> [About this exercise]
Restate the data word for word. Leave the pictures out.

-------------------------

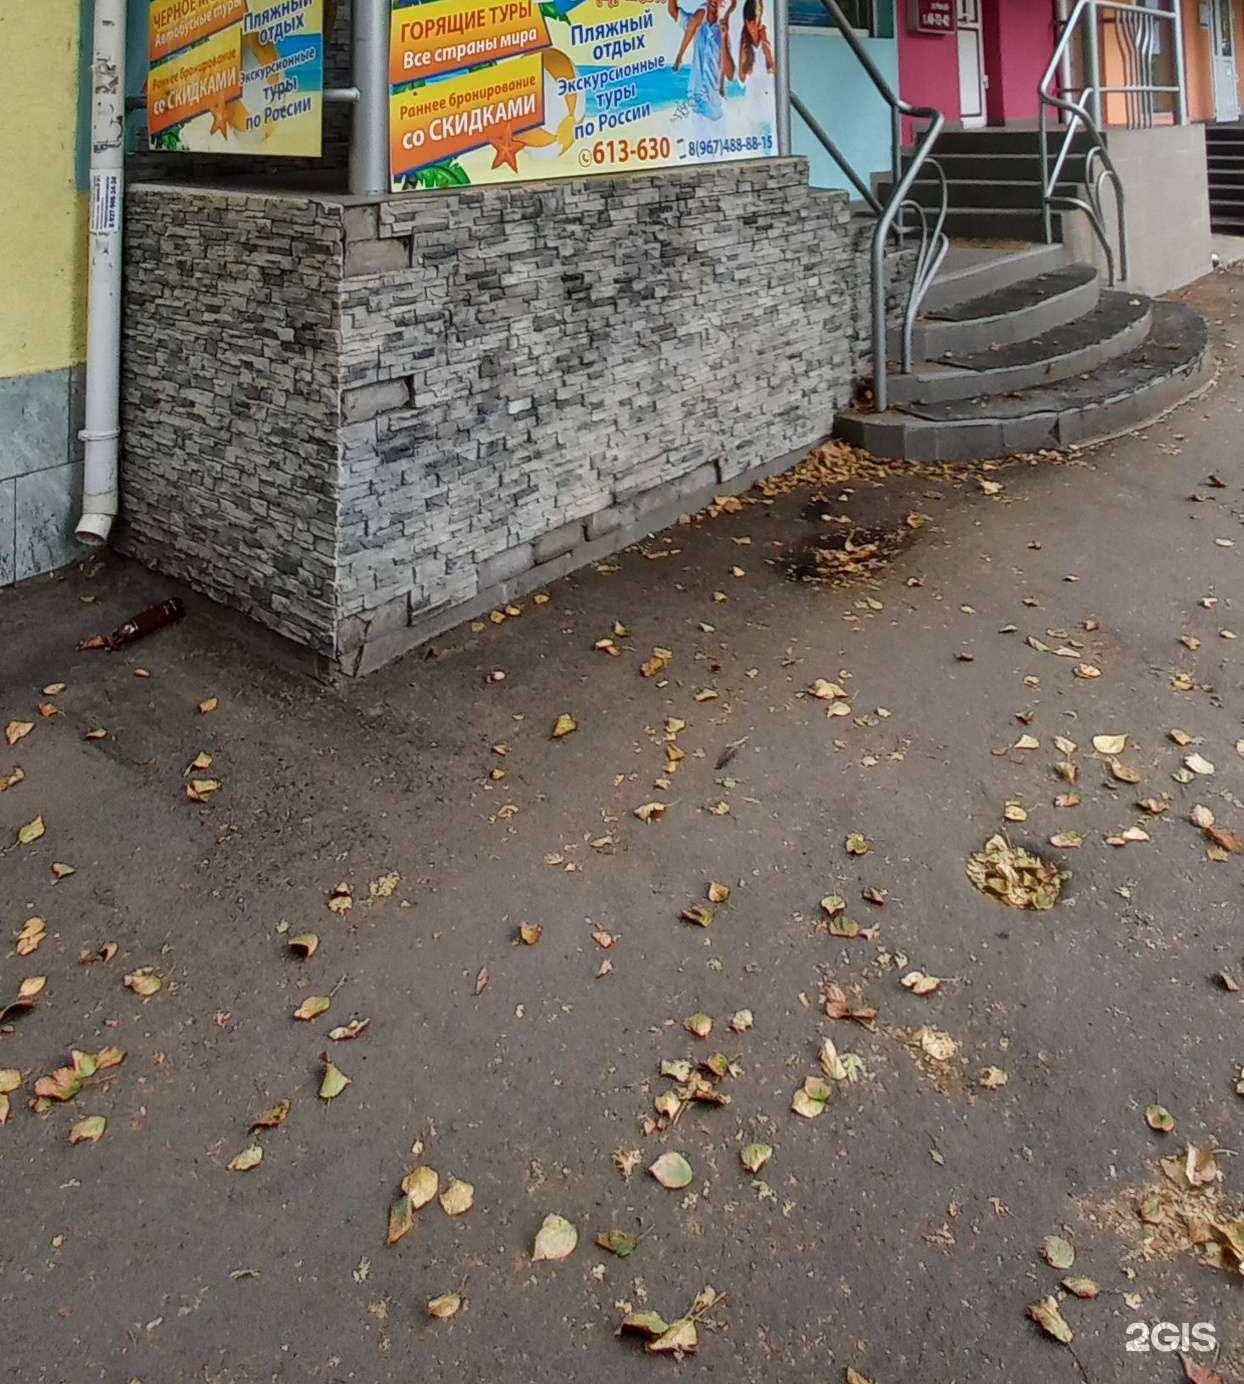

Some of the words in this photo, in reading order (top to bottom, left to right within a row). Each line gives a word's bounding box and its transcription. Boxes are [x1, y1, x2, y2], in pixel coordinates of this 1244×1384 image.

[154, 7, 213, 48] Автобусные
[259, 13, 304, 44] отдых
[401, 9, 486, 42] ГОРЯЩИЕ
[489, 0, 532, 26] ТУРЫ
[570, 10, 654, 46] Пляжный
[240, 47, 315, 86] Экскурсионные
[403, 50, 430, 69] Все
[435, 39, 497, 65] страны
[501, 27, 537, 52] мира
[593, 35, 645, 61] отдых
[153, 96, 165, 115] со
[167, 69, 237, 110] СКИДКАМИ
[263, 77, 297, 103] туры
[557, 55, 665, 96] Экскурсионные
[246, 112, 261, 130] по
[263, 98, 311, 128] России
[400, 93, 446, 120] Раннее
[448, 75, 536, 107] бронирование
[596, 83, 636, 108] туры
[402, 130, 424, 149] со
[429, 94, 536, 141] СКИДКАМИ
[574, 122, 594, 141] по
[599, 105, 651, 132] России
[592, 136, 670, 165] 613-630
[689, 135, 773, 157] 8(967)488-88-15

-------------------------

> [Response area]
Some of the words in this photo, in reading order (top to bottom, left to right within a row). Each line gives a word's bounding box and its transcription. Boxes are [x1, y1, x2, y2], in pixel coordinates of this 1244×1384 image.

[154, 7, 213, 48] Автобусные
[259, 13, 304, 44] отдых
[401, 9, 486, 42] ГОРЯЩИЕ
[489, 0, 532, 26] ТУРЫ
[570, 10, 654, 46] Пляжный
[240, 47, 315, 86] Экскурсионные
[403, 50, 430, 69] Все
[435, 39, 497, 65] страны
[501, 27, 537, 52] мира
[593, 35, 645, 61] отдых
[153, 96, 165, 115] со
[167, 69, 237, 110] СКИДКАМИ
[263, 77, 297, 103] туры
[557, 55, 665, 96] Экскурсионные
[246, 112, 261, 130] по
[263, 98, 311, 128] России
[400, 93, 446, 120] Раннее
[448, 75, 536, 107] бронирование
[596, 83, 636, 108] туры
[402, 130, 424, 149] со
[429, 94, 536, 141] СКИДКАМИ
[574, 122, 594, 141] по
[599, 105, 651, 132] России
[592, 136, 670, 165] 613-630
[689, 135, 773, 157] 8(967)488-88-15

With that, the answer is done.